Conference should focus on positives, argue Somali business leaders
Daniel Howden is Africa Correspondent for The Independent. He has reported from more than 50 countries covering everything from wars and elections to natural disasters and environmental crises. Special interests beyond Africa include southeast Europe, Latin America and global forests. A former Athens correspondent he has returned to Greece regularly during the European debt crisis. Now based in Nairobi, he acted as producer on the documentary 'Stolen Seas: Tales of Somali Piracy', winner of the Boccalino D'Oro prize at the 2012 Locarno film festival.
Wednesday 22 February 2012
The build up to the London conference on Somalia has focused on what doesn't work in the Horn of Africa nation - the coastguard, the central government, the security services - but the answer to the country's crisis lies in examining what does work, argue Somali business leaders.
Piracy, famine, kidnappings and a multi-sided battle against Islamic militants the Shabab dominate headlines in a country routinely referred to as the world's most-failed state. But there are regions of Somalia that are enjoying comparative stability and strong economic growth, argues Abdirashid Duale, the CEO of the region's leading money transfer company Dahabshil. Studying what's working in the relatively peaceful regions of the country may hold the key to solving the crisis in the southern and central regions which have been worst hit by war and famine.
"Many outsiders are not seeing the full picture," said Mr Duale. "It is true that politically, certain regions of Somalia have failed, but there are significant regions – particularly Somaliland, Puntland and Galmudug – that have benefited from diaspora investment and are relatively stable."
Much of the focus at the London talks will be international efforts to solve the Somali crisis but the biggest investor in the country - at $2bn annually -- is the Somali diaspora itself, he points out.
"The conference addresses issues that are highly political, but if the Somali region is to be rehabilitated, then its business community – domestic and international – must be central to any agreed plan," said Mr Duale.

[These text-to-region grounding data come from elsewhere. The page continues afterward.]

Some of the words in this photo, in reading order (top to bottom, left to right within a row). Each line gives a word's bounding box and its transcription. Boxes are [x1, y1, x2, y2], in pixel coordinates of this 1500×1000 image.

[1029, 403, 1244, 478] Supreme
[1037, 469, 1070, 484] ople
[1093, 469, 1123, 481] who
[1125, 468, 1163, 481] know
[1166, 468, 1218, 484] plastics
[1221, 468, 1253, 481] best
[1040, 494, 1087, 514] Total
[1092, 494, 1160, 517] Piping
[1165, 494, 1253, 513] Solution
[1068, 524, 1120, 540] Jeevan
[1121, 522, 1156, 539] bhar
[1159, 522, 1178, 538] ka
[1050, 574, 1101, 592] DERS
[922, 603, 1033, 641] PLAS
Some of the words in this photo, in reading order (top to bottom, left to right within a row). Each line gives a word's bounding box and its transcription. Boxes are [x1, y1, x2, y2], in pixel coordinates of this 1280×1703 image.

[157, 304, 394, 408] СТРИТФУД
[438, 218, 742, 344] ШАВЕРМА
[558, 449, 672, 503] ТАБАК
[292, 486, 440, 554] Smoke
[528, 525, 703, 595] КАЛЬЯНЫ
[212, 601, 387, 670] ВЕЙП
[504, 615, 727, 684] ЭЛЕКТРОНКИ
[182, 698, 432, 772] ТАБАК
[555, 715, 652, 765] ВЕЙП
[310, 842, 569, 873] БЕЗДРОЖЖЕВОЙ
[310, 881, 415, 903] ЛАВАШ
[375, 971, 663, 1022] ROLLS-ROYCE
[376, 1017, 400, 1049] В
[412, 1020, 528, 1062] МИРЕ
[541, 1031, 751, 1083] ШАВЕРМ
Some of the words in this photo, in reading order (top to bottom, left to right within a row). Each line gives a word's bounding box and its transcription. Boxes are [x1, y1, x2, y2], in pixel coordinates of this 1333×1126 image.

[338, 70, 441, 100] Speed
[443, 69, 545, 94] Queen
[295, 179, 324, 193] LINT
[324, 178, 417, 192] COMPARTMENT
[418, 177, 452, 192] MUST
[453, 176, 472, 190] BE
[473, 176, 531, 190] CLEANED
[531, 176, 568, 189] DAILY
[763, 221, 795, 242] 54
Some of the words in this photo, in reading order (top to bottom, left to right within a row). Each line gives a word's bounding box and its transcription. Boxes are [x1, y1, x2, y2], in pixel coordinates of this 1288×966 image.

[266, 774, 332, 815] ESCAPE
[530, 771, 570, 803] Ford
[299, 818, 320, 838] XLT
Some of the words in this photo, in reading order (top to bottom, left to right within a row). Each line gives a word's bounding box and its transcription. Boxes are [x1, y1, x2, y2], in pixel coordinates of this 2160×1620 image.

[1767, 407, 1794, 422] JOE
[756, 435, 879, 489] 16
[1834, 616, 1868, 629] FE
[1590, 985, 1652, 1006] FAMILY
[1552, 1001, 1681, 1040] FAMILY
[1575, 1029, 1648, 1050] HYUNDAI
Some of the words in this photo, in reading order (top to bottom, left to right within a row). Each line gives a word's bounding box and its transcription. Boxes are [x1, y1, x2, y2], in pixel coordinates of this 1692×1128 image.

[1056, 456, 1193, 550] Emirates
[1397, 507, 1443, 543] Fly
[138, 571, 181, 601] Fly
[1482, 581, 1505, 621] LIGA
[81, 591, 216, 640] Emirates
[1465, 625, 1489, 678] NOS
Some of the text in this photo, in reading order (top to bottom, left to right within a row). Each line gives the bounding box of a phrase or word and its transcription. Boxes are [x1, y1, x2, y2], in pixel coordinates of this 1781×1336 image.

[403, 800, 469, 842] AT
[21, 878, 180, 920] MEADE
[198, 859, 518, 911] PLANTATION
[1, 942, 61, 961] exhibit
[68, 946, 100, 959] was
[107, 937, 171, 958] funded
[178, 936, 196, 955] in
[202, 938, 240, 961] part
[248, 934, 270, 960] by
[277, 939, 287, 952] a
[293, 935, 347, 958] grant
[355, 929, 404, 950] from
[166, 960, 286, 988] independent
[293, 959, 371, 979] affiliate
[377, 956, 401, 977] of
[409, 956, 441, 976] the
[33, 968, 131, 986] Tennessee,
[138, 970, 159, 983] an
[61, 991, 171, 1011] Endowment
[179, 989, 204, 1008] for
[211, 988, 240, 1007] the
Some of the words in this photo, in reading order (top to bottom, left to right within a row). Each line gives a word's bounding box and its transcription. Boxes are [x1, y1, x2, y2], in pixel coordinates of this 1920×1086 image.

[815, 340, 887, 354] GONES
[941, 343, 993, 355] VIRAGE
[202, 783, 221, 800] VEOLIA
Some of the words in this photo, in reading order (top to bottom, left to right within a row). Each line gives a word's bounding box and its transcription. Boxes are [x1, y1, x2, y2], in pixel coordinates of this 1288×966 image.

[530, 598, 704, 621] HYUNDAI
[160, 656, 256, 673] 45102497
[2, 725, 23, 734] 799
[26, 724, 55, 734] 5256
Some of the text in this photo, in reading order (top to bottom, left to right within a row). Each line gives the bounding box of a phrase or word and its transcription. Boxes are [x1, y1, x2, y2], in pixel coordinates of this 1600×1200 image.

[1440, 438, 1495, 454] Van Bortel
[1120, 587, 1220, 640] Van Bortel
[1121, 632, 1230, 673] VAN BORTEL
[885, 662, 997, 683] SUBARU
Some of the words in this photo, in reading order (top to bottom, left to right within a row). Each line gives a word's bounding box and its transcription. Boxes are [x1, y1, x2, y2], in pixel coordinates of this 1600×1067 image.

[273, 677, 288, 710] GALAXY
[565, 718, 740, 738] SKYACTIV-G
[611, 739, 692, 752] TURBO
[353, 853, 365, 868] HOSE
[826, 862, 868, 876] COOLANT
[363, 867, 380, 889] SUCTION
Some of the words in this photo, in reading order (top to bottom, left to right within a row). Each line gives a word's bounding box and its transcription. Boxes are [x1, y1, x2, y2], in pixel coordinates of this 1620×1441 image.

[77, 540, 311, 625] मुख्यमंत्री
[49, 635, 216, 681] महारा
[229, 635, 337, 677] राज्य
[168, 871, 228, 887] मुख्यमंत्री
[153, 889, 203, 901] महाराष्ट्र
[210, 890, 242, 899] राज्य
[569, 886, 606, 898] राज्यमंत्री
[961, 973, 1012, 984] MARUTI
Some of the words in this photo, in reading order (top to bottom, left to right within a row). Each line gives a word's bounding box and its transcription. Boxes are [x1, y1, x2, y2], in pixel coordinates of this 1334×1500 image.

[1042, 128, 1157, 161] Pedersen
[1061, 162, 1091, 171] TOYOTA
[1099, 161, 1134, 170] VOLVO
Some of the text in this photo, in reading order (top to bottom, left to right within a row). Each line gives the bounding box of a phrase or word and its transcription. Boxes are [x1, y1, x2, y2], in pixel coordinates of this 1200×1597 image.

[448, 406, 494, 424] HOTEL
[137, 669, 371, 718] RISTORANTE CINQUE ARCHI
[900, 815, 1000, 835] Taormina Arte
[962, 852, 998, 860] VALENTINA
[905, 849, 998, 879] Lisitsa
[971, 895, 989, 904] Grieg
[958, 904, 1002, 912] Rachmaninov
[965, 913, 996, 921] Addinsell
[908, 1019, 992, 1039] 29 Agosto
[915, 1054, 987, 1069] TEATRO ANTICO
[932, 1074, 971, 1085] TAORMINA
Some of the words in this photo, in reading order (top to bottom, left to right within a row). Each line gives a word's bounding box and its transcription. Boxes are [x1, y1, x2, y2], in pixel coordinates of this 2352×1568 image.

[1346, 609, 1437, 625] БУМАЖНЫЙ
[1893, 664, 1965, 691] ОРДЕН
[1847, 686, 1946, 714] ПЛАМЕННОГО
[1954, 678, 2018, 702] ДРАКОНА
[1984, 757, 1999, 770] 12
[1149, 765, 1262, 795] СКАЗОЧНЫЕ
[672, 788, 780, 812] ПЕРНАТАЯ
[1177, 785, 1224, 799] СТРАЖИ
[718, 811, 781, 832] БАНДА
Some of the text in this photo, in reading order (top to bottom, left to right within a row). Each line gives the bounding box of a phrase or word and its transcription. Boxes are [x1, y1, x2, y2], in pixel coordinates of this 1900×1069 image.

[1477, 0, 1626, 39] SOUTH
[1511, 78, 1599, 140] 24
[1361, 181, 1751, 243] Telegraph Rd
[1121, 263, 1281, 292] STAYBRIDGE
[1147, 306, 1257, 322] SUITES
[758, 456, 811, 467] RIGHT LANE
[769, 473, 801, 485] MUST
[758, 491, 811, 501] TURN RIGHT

For two decades international engagement with Somalia has been dominated by the alternating approaches of military occupation or containment. Despite the disastrous effects of various military interventions, particularly the Ethiopian invasion in 2007, the first approach has remained popular with policy makers. While up until the Horn of Africa famine spurred a major international response the policy of containing Somalia's problems within its borders was the preferred policy option in a region heavily impacted by the US war on terror.
There has been very little focus on taking what hasn't failed in Somalia which typically revolves around the national obsession of trade, in sectors like livestock, and newer fields like telecoms and money transfer.
When the success of Dahabshiil and other money transfer systems has been discussed it has often been talked about in terms of blocking alleged funding of extremist groups like Shabab with its self-avowed links to al Qa'ida. In December US banks in Minnesota, which is home to America's largest Somali community shut down remittance services following the conviction of two ethnic Somali women for raising funds for the Shabab.
"Blocking remittances to Somalia from the diaspora in the US is very damaging to those who depend on that source of income to survive," said Duale. "Following the recent case in Minnesota, I would urge the international community not to follow suit."
He points out that annual remittances represent the largest capital inflow to the Somali region, "far greater than the funding it receives in international aid."
There is widespread frustration in the Somali business community that the remittance system is being targeted while aid to Somalia's dysfunctional central government is being increased despite its atrocious track record which includes embezzling funds meant to pay its soldiers who have then sold their weapons to the Shabab.
The London gathering backed by the British foreign office is expected to strengthen support to Somalia's transtional federal government (TFG) despite its history of squabbling and theft of foreign aid. There are calls for any new funding to focus on the education system and boosting economic efforts that could offer alternatives for young Somalis otherwise vulnerable for recruitment by radicals or pirates.
"Many of Somalia’s key business sectors are already thriving, while civil servants and government officials are often poorly paid and unaccountable, so the political process needs to catch up," said the Dahabshiil boss.
The strongest message from business and community leaders has been the need for a solution led by Somalis themselves to their country's enduring crisis.
"While the support of the international community is crucial, solutions to Somalia’s problems must be Somali-led," said Mr Duale. "The functioning administrations in certain regions show they are more than capable. The international community should recognise what Somalia has achieved and how it has achieved it."